Your short game can be the key to unlocking a higher level of play on the course. The main difference between scratch players and double-digits handicappers is the quality of their short game. We previously provided you with helpful drills to perfect your putting skills, and now, we’re looking to recommend quality wedge drills that should help improve your abilities around the green.

Our in-house expert, Nick Drozdoski, who’s a Certified Professional for the PGA of Canada, has been helping countless golfers to perfect their swing, especially when it comes to irons and their short game. In this article, he’s looking to provide you with 5 easy-to-do drills that will elevate your skill level with your wedge in hand.
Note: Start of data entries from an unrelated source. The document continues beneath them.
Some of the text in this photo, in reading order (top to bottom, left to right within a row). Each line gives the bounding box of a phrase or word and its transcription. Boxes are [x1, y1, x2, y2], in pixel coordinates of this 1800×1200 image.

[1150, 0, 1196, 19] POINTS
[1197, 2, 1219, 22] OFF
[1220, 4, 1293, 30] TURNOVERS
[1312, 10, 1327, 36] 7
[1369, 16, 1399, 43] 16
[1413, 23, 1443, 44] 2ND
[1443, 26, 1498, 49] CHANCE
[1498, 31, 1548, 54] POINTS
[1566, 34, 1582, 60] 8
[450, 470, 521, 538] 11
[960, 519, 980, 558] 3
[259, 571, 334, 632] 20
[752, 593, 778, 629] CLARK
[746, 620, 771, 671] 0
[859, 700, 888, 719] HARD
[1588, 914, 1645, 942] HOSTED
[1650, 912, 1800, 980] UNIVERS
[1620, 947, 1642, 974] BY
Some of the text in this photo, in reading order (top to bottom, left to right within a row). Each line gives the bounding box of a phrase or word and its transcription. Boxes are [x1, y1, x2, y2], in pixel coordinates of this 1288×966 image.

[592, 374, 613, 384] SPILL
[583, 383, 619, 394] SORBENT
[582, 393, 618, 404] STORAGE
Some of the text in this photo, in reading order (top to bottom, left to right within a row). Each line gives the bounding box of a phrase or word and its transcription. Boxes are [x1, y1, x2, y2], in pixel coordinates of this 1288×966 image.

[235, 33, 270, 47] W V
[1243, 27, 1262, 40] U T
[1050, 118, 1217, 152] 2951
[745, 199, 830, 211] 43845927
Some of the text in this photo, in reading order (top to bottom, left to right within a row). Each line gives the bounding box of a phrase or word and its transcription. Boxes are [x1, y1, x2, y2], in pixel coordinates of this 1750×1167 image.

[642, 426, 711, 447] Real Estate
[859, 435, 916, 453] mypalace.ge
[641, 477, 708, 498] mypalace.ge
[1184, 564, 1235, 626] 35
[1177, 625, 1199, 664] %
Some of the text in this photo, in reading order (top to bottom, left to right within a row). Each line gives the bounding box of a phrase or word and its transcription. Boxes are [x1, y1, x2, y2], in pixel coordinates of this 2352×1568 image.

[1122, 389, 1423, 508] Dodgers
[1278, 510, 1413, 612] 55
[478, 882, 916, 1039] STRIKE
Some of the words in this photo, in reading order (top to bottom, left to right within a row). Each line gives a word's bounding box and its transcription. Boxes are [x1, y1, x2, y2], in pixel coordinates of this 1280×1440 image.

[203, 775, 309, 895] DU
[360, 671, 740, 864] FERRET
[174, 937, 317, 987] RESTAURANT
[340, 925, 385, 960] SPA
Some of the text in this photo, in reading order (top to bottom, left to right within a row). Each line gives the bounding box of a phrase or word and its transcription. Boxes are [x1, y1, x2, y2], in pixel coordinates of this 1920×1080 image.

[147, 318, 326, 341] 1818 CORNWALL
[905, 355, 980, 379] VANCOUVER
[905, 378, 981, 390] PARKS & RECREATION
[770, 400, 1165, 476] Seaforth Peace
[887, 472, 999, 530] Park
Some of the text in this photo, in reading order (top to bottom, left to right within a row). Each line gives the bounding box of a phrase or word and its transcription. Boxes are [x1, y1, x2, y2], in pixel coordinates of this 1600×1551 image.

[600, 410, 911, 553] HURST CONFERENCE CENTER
Nick’s 5 Drills to Improve Your Wedge Skills:

  1. Ball Between Forearms drill – To help your body’s synchronization through the swing
  2. Lifted Trail Foot Drill – To improve your weight transfer and balance
  3. Hinge & Hold Drill – To optimize your sequencing and your movement through impact
  4. Chip a Coin Drill – To better your ability to compress the golf ball
  5. One-Arm Drill – To perfect the technical details of your swing

Shop Wedges

1. Ball Between Forearms Drill

When it comes to your wedges, it’s critical for your body to act as a single unit. You want your hips, your chest, your arms, and your hands to be in sync so that the leading edge comes right below the ball at impact, instead of digging into the ground before touching the ball. This drill will help improve the quality of your wedge swing by making your movement more compact and easier to reproduce.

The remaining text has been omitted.